**Annotated photo localization data:**
-- Opening Marker --

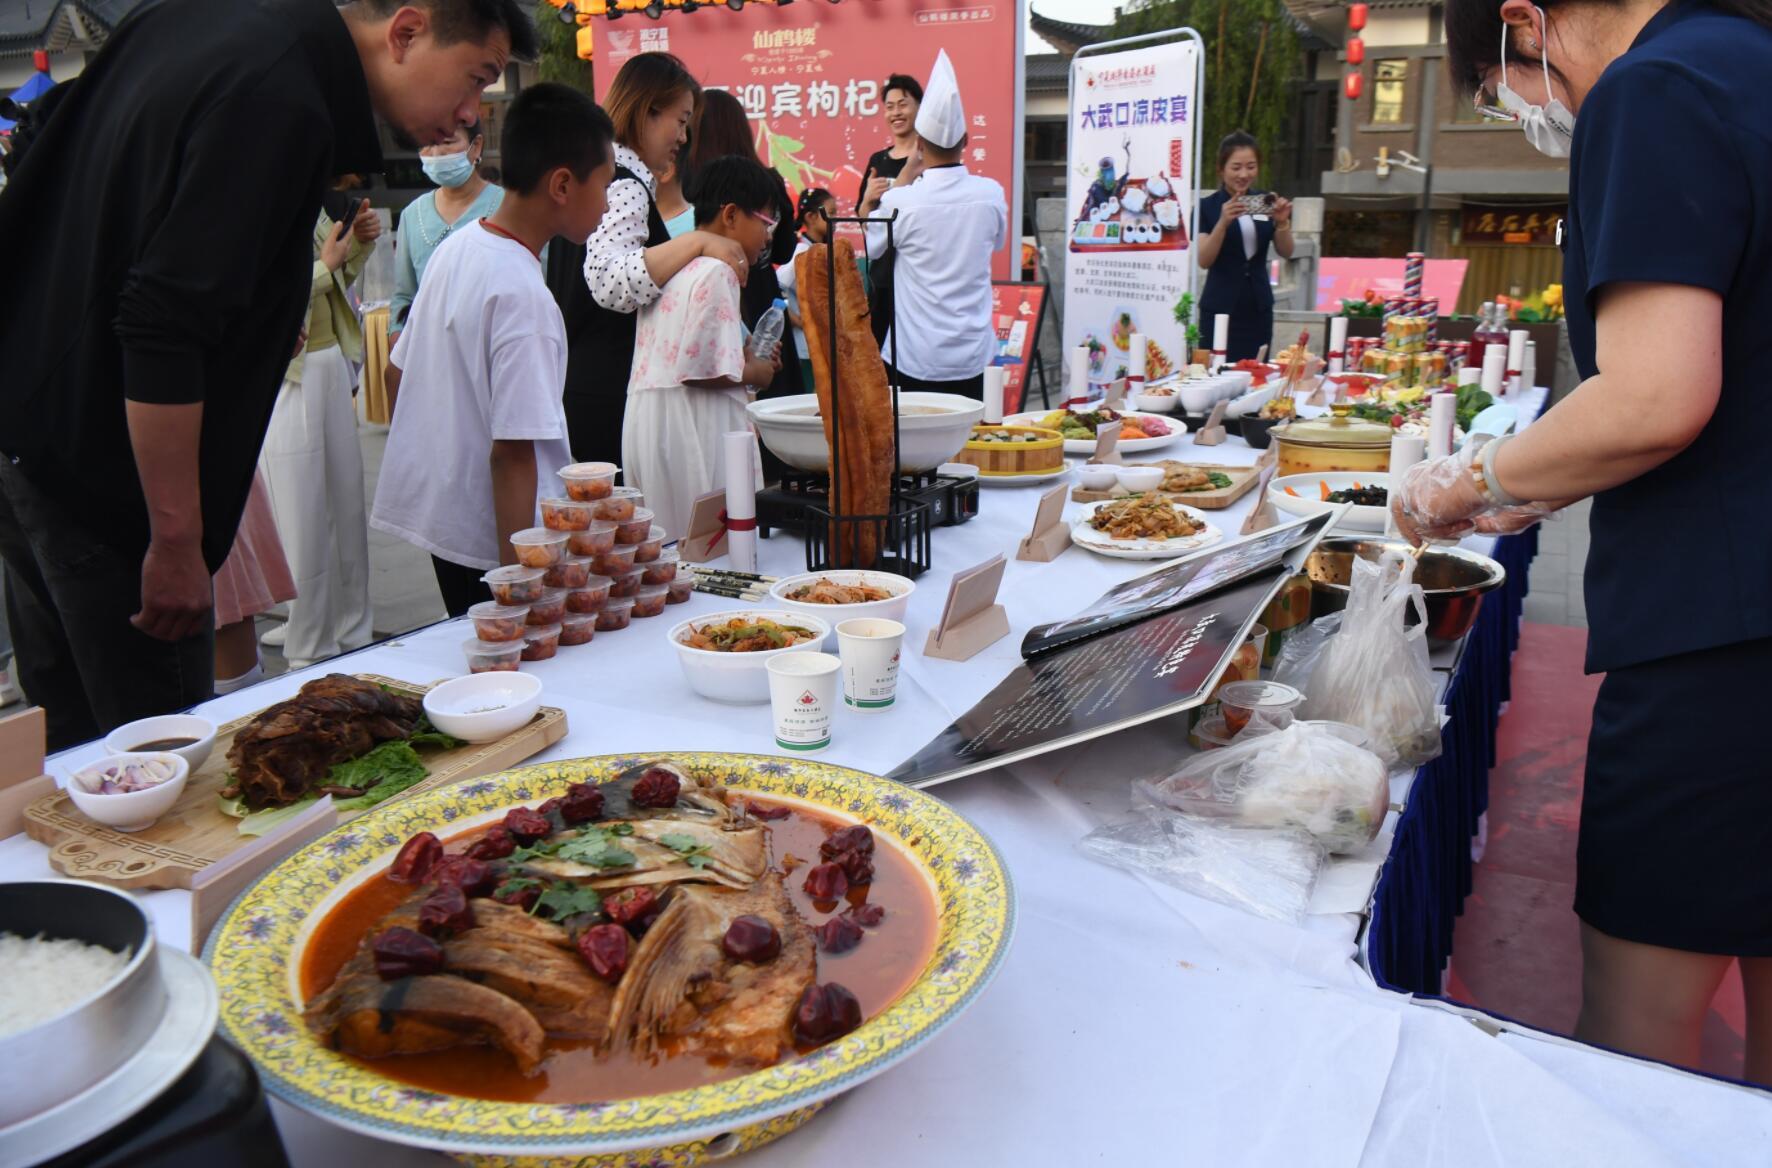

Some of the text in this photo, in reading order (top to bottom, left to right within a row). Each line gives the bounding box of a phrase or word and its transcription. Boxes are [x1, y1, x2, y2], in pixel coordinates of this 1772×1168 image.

[753, 28, 816, 49] 仙鹤楼
[1081, 94, 1188, 129] 大武口凉皮宴
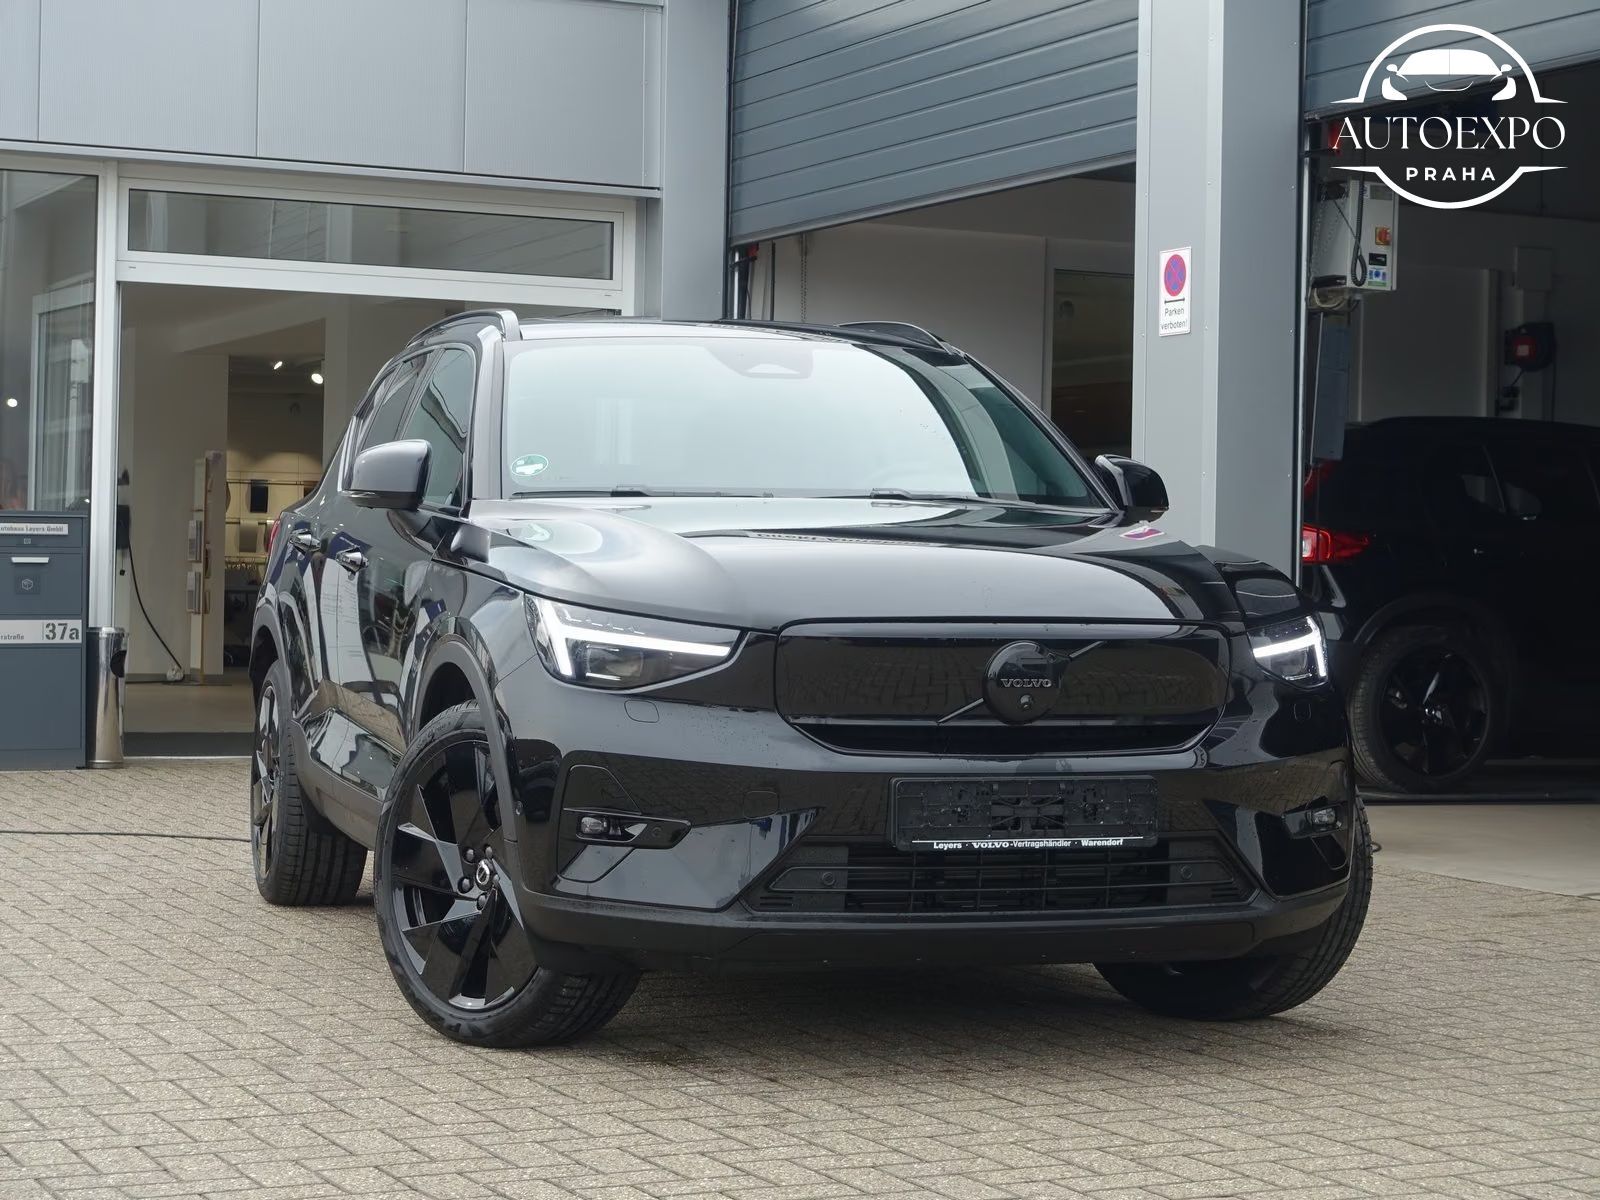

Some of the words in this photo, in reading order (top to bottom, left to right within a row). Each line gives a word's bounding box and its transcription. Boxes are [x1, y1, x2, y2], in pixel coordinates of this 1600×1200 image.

[1165, 307, 1185, 316] Parken
[45, 622, 80, 640] 37a
[1000, 678, 1052, 688] VOLVO
[933, 841, 962, 850] Leyers
[1080, 838, 1124, 847] Warendorf
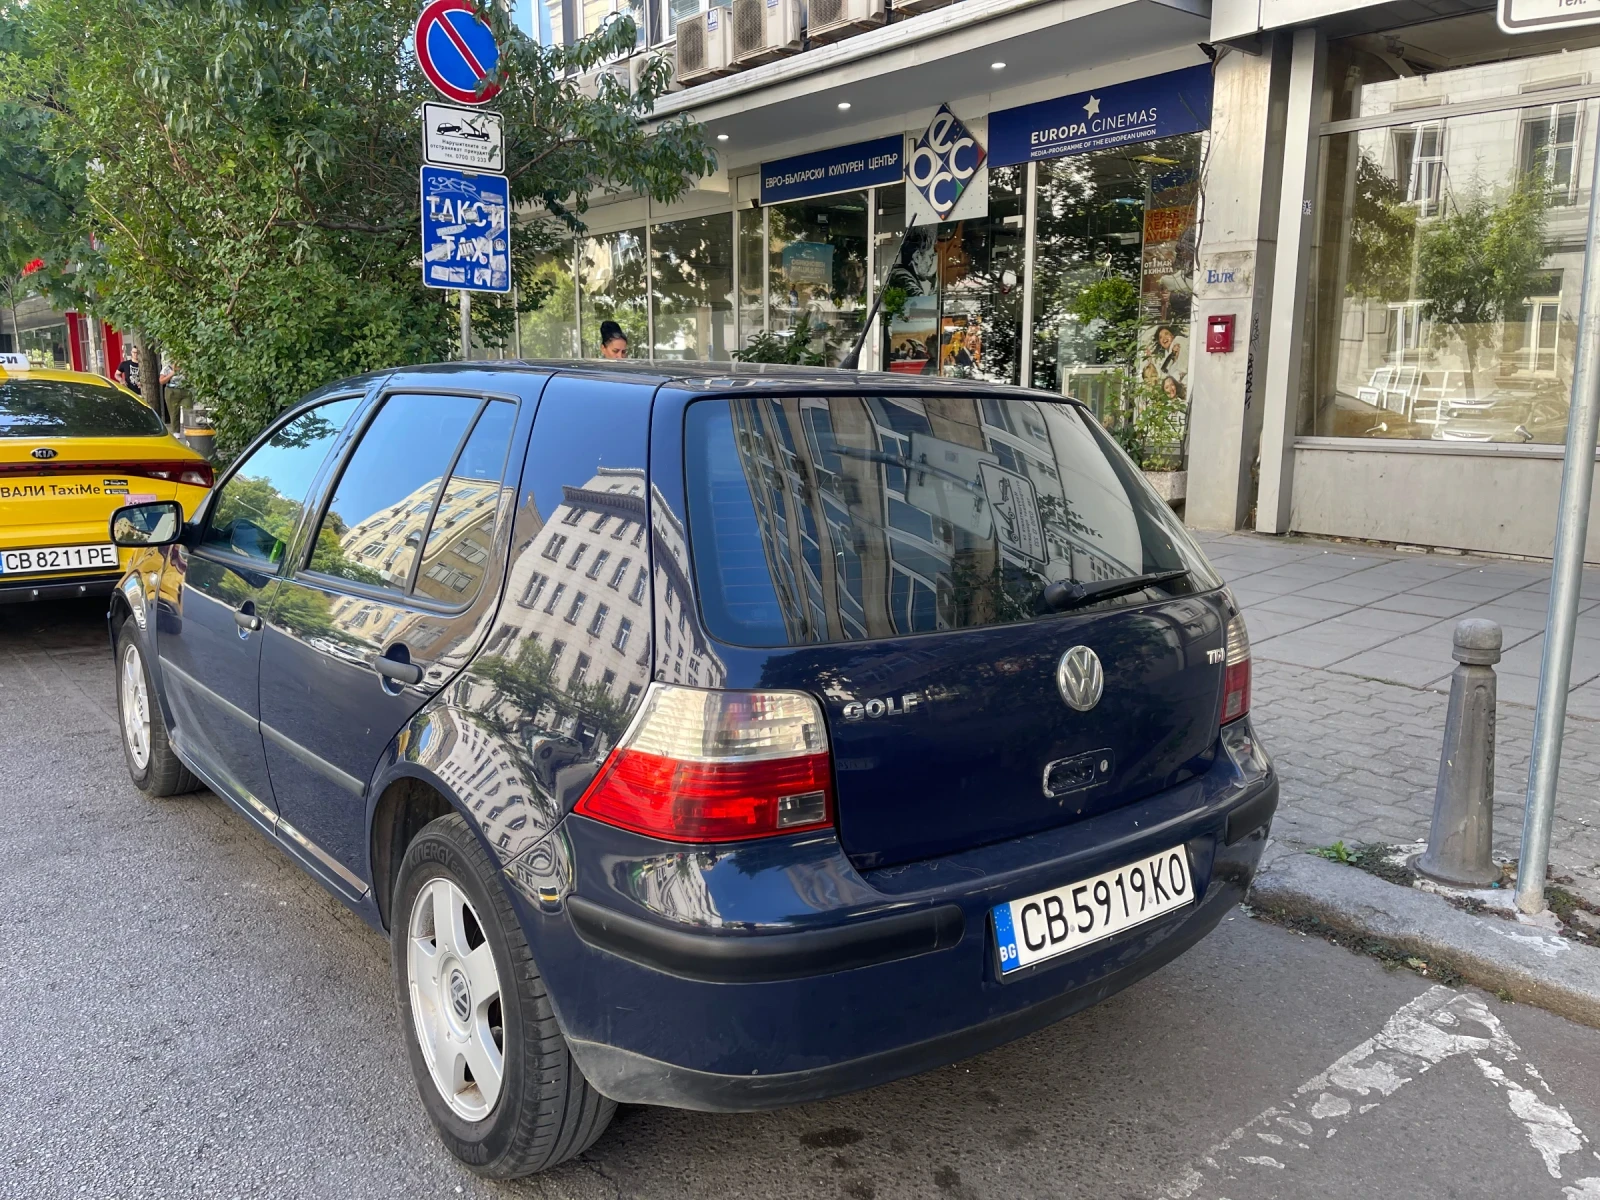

-- Closing Marker --

**Task description:** What is needed is an exact restatement of every line from the line containing "Some of the words" through the last line of the records, minus any pictures.

**Final answer:**
Some of the words in this photo, in reading order (top to bottom, left to right within a row). Each line gives a word's bounding box and its transcription. Boxes are [x1, y1, x2, y2], in pixel coordinates of this 1600×1200 image.

[1165, 307, 1185, 316] Parken
[45, 622, 80, 640] 37a
[1000, 678, 1052, 688] VOLVO
[933, 841, 962, 850] Leyers
[1080, 838, 1124, 847] Warendorf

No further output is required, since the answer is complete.